Member of the Massachusetts Senate from the 1st Suffolk district
- Incumbent
- Assumed office May 9, 2018
- Preceded by: Linda Dorcena Forry

Member of the Massachusetts House of Representatives from the 4th Suffolk district
- In office January 5, 2011 – May 9, 2018
- Preceded by: Brian Wallace
- Succeeded by: David Biele

Personal details
- Born: August 26, 1982 (age 43) South Boston, Massachusetts
- Party: Democratic
- Education: Babson College (BBA)

= Nick Collins (politician) =

American politician (born 1982)

Nick Collins is an American politician who serves as a member of the Massachusetts Senate for the 1st Suffolk district. A member of the Democratic Party and a resident of Boston, Collins previously served four terms in the Massachusetts House of Representatives representing the 4th Suffolk district.

In May 2018, Collins won the election for the open Massachusetts Senate seat vacated by the resignation of Linda Dorcena Forry. He was sworn into the Massachusetts Senate on May 9, 2018 by Massachusetts Governor Charlie Baker. His district, which extends into the Dorchester and Mattapan neighborhoods of Boston, is one of three minority-majority state senate districts in Massachusetts.

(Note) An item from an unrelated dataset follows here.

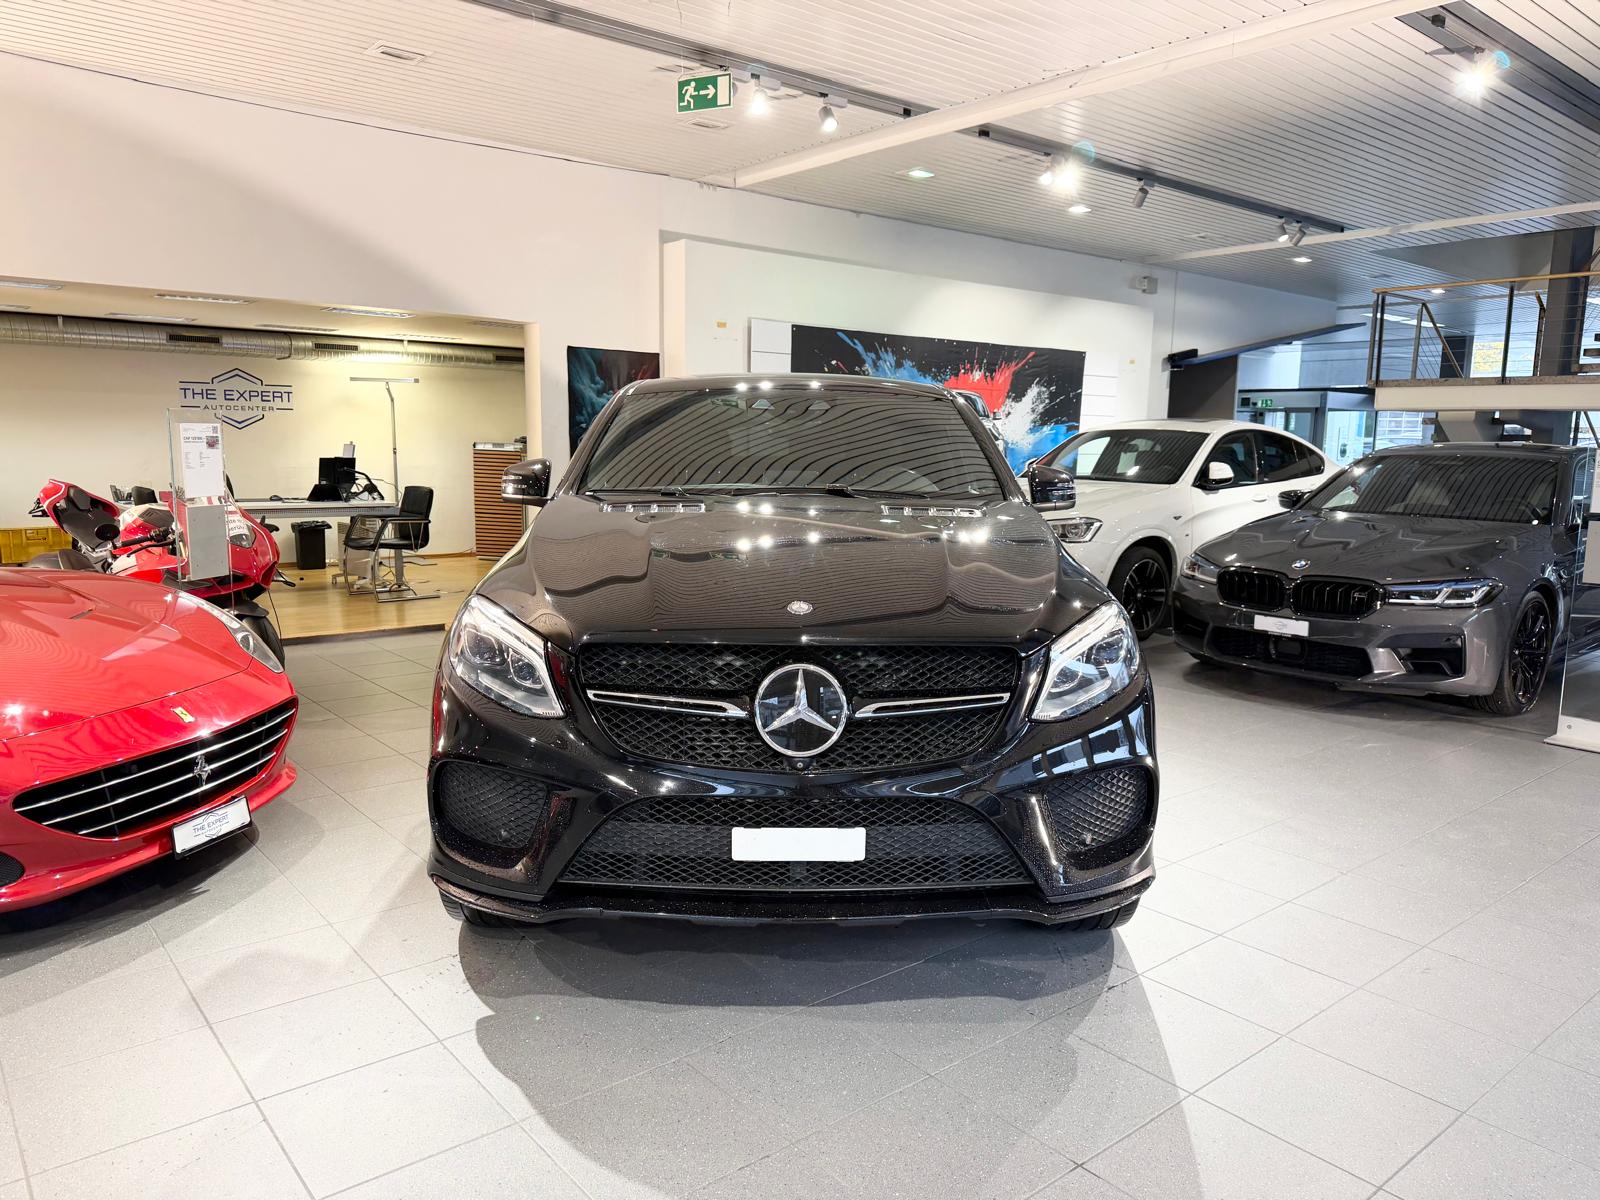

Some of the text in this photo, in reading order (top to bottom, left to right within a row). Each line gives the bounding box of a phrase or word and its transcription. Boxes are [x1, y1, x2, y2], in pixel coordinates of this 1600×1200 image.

As senator for the 1st Suffolk district, Collins has been the host of the annual Boston St. Patrick’s Day Breakfast since 2019, a televised political roast that has featured Presidents, Vice Presidents, United States Senators and Members of Congress throughout its history.

== Early life and education ==

Nick Collins was born and raised in South Boston with five siblings, including twin brother Andrew J. Collins He is a graduate of Boston Latin School and The Frederick Gunn School, where he played hockey. He went on to earn a bachelor's degree in business management from Babson College.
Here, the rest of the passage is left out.